[i386] Add combine splitter to transform vashr/vlshr/vashl_optab to ashr/lshr/ashl_optab for const vector duplicate operand.
Commit Message
Hi,
This patch add combine splitter to transform vashr/vlshr/vashl_optab to ashr/lshr/ashl_optab for const vector duplicate operand.
Regtested on x86_64-pc-linux-gnu.
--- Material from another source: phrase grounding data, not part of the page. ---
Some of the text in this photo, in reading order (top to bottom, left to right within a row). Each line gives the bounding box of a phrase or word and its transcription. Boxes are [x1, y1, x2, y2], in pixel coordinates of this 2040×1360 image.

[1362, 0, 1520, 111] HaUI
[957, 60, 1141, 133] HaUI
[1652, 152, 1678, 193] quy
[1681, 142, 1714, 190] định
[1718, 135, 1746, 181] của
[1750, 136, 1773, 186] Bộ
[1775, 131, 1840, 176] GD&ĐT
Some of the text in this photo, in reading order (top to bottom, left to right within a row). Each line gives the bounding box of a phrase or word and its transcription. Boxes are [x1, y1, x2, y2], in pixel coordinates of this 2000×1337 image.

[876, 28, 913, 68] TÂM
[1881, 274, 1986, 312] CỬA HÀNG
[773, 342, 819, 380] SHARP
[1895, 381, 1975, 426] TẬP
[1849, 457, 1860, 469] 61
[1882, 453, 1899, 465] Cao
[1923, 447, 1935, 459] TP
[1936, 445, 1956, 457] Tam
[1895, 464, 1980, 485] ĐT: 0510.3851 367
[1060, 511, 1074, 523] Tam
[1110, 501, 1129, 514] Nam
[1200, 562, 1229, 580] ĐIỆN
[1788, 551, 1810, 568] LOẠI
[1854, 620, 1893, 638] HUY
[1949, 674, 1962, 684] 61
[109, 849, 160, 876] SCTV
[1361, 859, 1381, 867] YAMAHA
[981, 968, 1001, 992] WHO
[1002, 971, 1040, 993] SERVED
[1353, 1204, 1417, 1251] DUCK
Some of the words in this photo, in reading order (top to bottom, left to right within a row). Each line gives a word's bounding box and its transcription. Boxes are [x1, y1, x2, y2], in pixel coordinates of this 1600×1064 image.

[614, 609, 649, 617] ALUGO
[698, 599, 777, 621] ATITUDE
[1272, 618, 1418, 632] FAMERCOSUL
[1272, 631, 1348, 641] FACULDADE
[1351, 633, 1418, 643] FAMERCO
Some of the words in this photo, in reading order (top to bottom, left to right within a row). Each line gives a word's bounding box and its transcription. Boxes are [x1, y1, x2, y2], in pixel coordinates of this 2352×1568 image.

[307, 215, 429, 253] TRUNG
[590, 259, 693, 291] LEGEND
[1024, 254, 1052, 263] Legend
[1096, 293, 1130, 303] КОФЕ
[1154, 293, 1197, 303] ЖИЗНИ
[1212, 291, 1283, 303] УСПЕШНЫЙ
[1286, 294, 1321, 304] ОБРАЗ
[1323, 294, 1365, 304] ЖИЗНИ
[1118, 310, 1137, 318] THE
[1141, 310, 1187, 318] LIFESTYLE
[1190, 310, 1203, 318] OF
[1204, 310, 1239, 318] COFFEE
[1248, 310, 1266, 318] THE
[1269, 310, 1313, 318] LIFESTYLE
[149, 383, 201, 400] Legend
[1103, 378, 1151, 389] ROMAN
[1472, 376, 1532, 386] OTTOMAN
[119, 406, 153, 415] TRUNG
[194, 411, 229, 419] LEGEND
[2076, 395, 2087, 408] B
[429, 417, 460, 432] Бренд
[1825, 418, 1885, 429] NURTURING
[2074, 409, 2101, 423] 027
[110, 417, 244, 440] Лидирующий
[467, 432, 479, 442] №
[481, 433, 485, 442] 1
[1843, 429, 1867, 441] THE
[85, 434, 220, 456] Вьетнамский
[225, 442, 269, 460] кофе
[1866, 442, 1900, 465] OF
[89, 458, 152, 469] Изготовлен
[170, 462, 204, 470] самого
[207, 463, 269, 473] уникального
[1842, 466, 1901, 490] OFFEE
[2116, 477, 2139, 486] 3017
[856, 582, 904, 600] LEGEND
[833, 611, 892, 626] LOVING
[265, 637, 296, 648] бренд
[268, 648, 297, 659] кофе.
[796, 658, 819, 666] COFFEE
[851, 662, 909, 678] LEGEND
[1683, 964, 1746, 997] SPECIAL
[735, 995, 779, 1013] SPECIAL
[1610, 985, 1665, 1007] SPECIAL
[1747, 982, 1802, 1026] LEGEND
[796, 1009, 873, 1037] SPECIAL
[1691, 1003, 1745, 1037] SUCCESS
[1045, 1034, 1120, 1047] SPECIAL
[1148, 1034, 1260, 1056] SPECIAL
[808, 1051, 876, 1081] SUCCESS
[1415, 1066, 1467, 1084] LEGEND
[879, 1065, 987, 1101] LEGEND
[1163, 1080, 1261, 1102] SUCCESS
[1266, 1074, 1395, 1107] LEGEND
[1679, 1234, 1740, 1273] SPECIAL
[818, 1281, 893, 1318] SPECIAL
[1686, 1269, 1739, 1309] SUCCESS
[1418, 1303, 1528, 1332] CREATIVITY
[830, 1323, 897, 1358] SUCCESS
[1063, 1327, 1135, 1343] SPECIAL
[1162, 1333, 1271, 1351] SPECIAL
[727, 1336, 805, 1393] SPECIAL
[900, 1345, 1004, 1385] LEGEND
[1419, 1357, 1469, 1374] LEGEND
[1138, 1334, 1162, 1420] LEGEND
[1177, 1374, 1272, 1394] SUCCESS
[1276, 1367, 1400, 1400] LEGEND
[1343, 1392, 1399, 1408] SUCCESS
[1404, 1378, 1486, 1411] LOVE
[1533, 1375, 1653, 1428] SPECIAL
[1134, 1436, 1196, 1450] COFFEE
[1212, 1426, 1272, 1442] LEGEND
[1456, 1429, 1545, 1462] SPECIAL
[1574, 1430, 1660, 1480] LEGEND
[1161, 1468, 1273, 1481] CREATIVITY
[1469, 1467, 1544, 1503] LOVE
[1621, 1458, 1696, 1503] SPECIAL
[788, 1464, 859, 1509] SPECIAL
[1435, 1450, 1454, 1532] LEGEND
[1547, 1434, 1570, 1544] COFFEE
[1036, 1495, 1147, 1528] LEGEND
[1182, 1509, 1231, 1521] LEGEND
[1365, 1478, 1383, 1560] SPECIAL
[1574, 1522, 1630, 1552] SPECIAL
Ok for trunk?
BRs,
Haochen
gcc/ChangeLog:
PR target/101796
* config/i386/predicates.md (const_vector_operand):
Add new predicate.
* config/i386/sse.md(<insn><mode>3<mask_name>):
Add new define_split below.
gcc/testsuite/ChangeLog:
PR target/101796
* gcc.target/i386/pr101796-1.c: New test.
---
gcc/config/i386/predicates.md | 13 +++++++++++++
gcc/config/i386/sse.md | 14 ++++++++++++++
gcc/testsuite/gcc.target/i386/pr101796-1.c | 20 ++++++++++++++++++++
3 files changed, 47 insertions(+)
create mode 100755 gcc/testsuite/gcc.target/i386/pr101796-1.c
Comments
On Wed, Dec 8, 2021 at 2:47 PM Haochen Jiang via Gcc-patches
<gcc-patches@gcc.gnu.org> wrote:
>
> Hi,
>
> This patch add combine splitter to transform vashr/vlshr/vashl_optab to ashr/lshr/ashl_optab for const vector duplicate operand.
>
> Regtested on x86_64-pc-linux-gnu. Ok for trunk?
Ok.
>
> BRs,
> Haochen
>
> gcc/ChangeLog:
>
> PR target/101796
> * config/i386/predicates.md (const_vector_operand):
> Add new predicate.
> * config/i386/sse.md(<insn><mode>3<mask_name>):
> Add new define_split below.
>
> gcc/testsuite/ChangeLog:
>
> PR target/101796
> * gcc.target/i386/pr101796-1.c: New test.
> ---
> gcc/config/i386/predicates.md | 13 +++++++++++++
> gcc/config/i386/sse.md | 14 ++++++++++++++
> gcc/testsuite/gcc.target/i386/pr101796-1.c | 20 ++++++++++++++++++++
> 3 files changed, 47 insertions(+)
> create mode 100755 gcc/testsuite/gcc.target/i386/pr101796-1.c
>
> diff --git a/gcc/config/i386/predicates.md b/gcc/config/i386/predicates.md
> index 4ccbe11b842..770e2f0c0dd 100644
> --- a/gcc/config/i386/predicates.md
> +++ b/gcc/config/i386/predicates.md
> @@ -1844,6 +1844,19 @@
> return true;
> })
>
> +;; Return true if OP is a const vector with duplicate value.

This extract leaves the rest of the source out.